§ **WHAT YOU SHOULD DO**: Please return the listing exactly as it stands, skipping any pictures.

○ ○ ○ ○

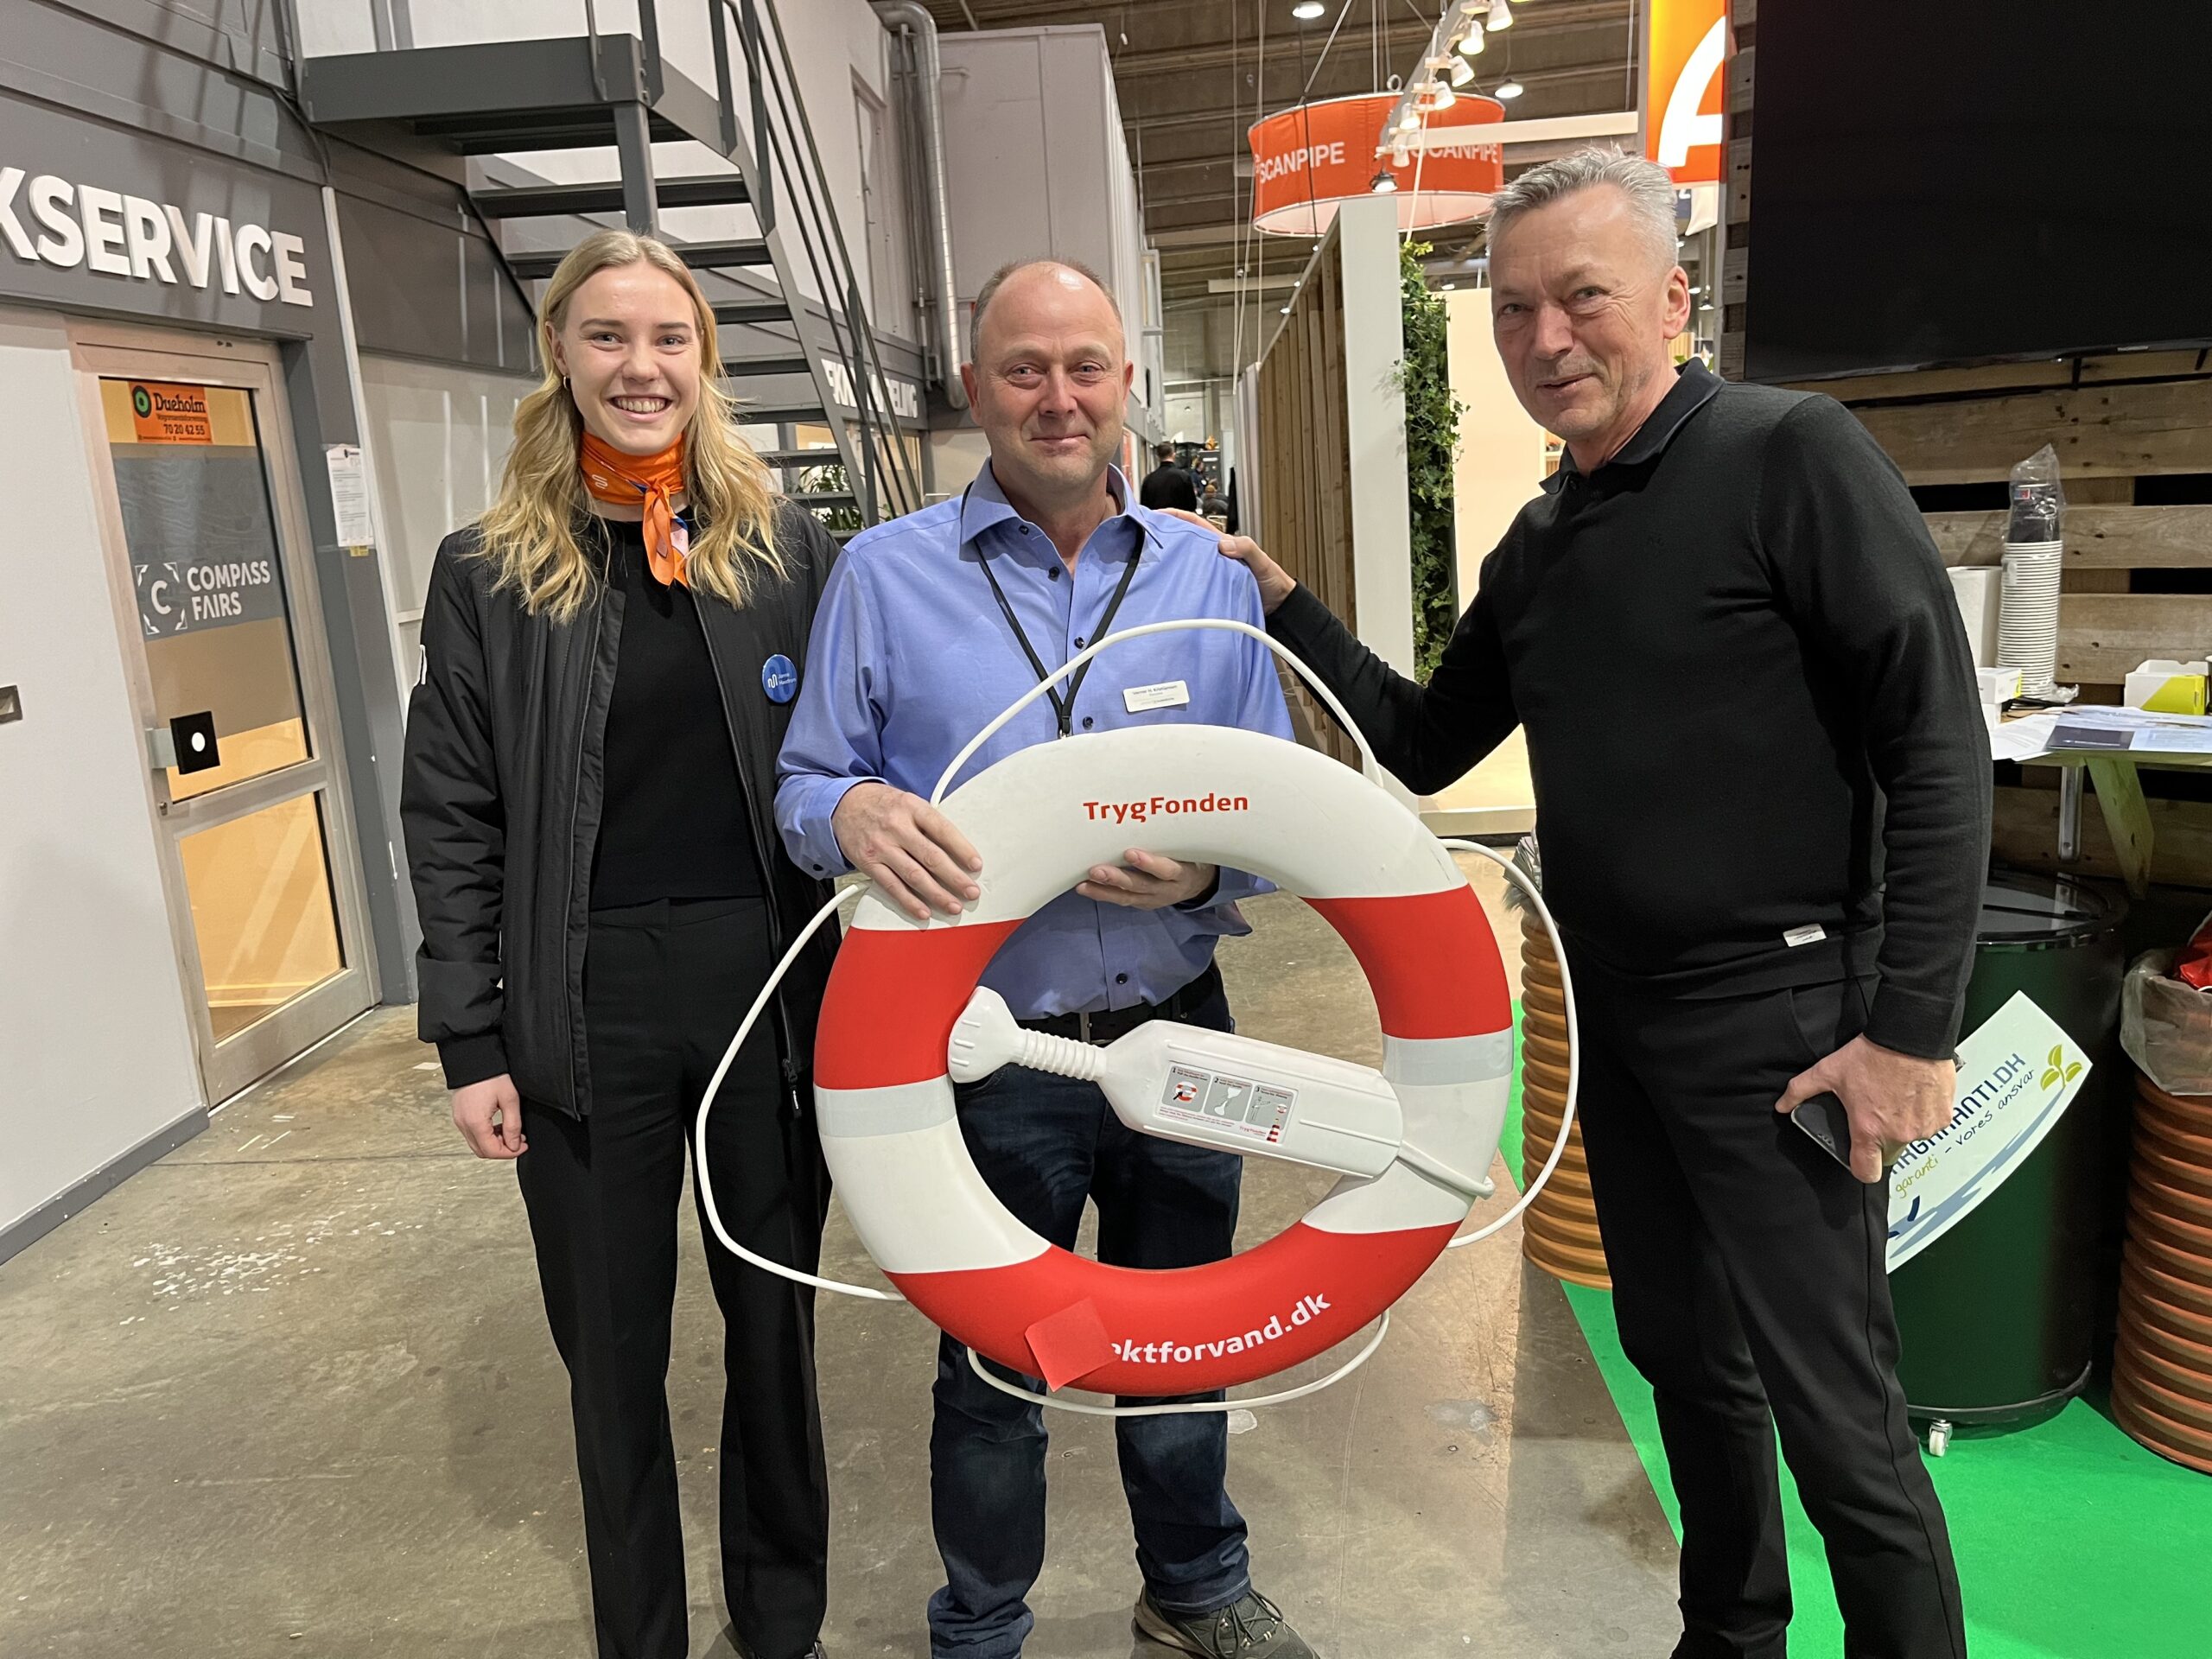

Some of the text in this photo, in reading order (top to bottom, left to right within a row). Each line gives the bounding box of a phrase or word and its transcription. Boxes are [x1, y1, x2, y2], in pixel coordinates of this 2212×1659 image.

[1259, 142, 1345, 184] SCANPIPE
[153, 392, 207, 414] Dueholm
[187, 560, 270, 592] COMPASS
[192, 591, 242, 621] FAIRS
[1083, 792, 1249, 824] TrygFonden
[1895, 1154, 1939, 1199] garanti
[1955, 1110, 1993, 1146] vores
[1998, 1070, 2035, 1110] ansvar
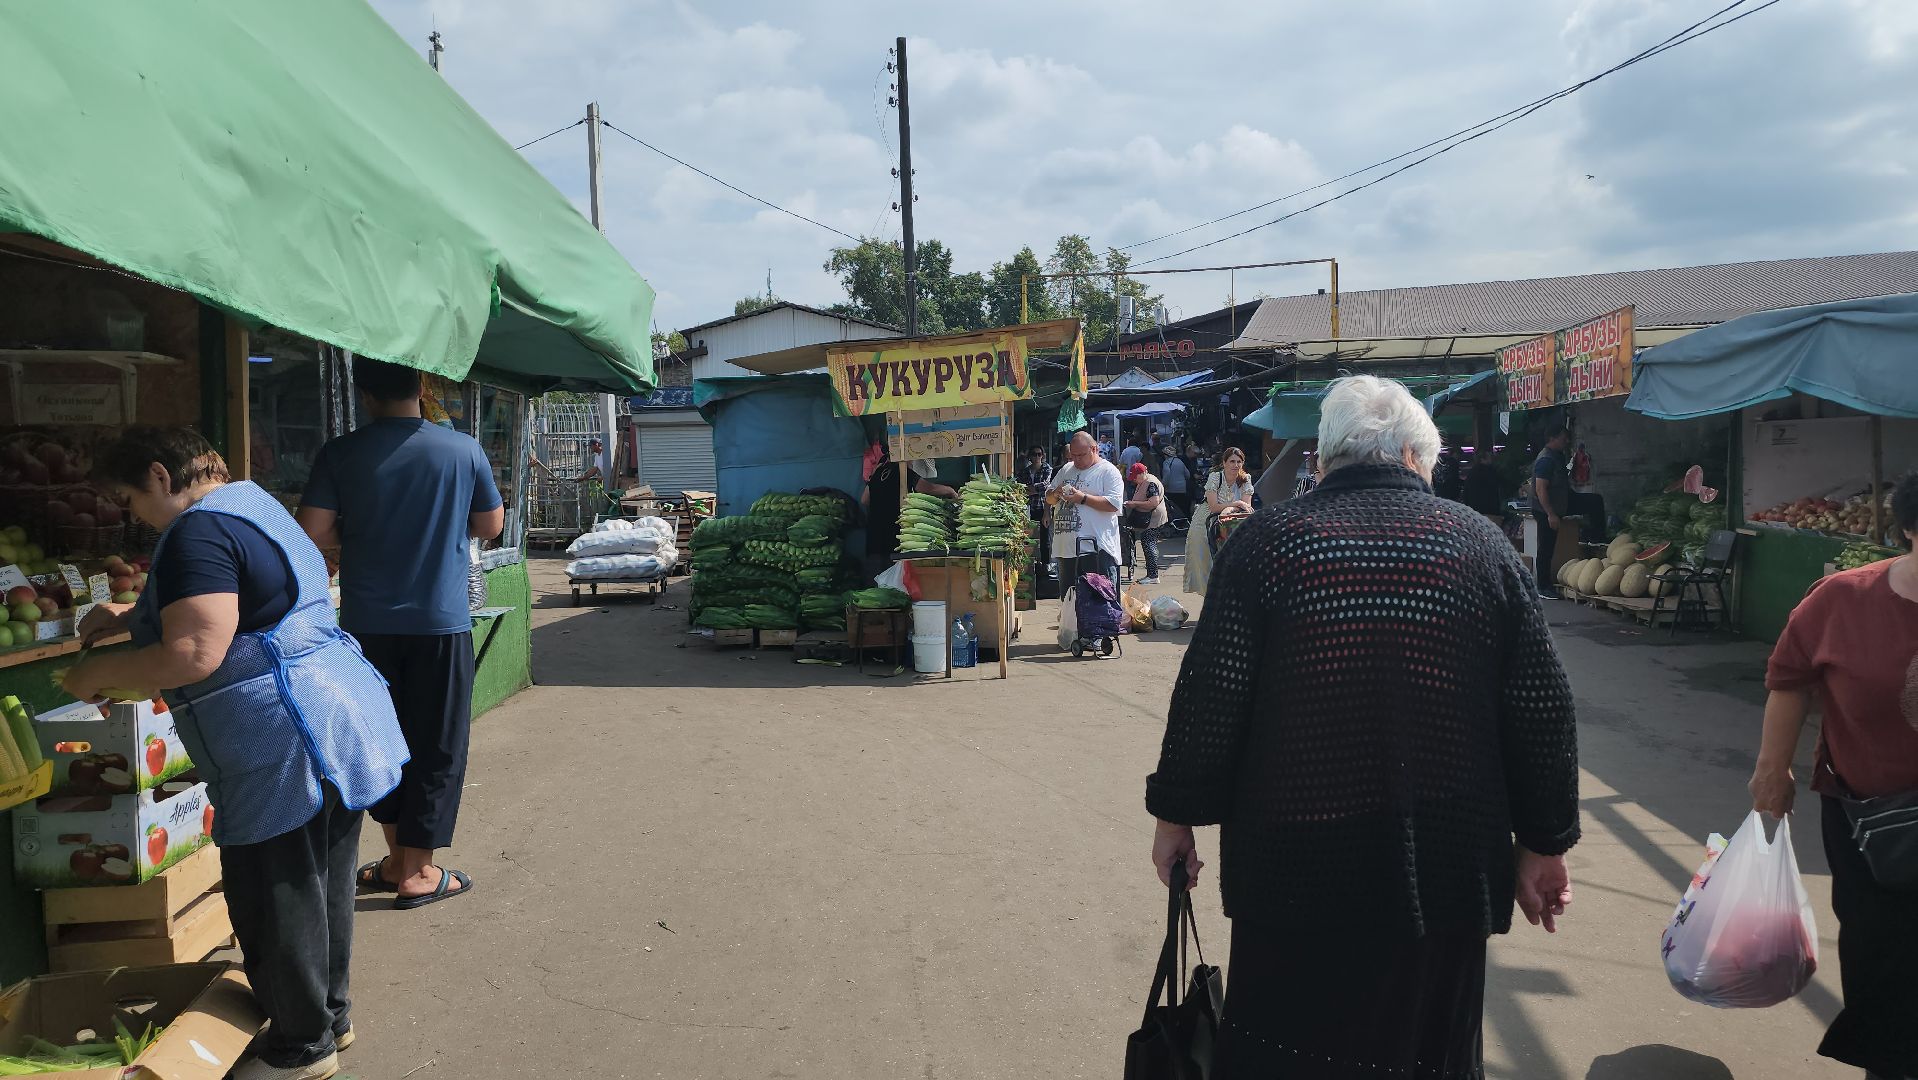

○ ○ ○ ○

§ **TASK RESULT**:
Some of the text in this photo, in reading order (top to bottom, left to right within a row). Each line gives the bounding box of a phrase or word and its transcription. Boxes are [x1, y1, x2, y2], in pixel coordinates of this 2212×1659 image.

[1259, 142, 1345, 184] SCANPIPE
[153, 392, 207, 414] Dueholm
[187, 560, 270, 592] COMPASS
[192, 591, 242, 621] FAIRS
[1083, 792, 1249, 824] TrygFonden
[1895, 1154, 1939, 1199] garanti
[1955, 1110, 1993, 1146] vores
[1998, 1070, 2035, 1110] ansvar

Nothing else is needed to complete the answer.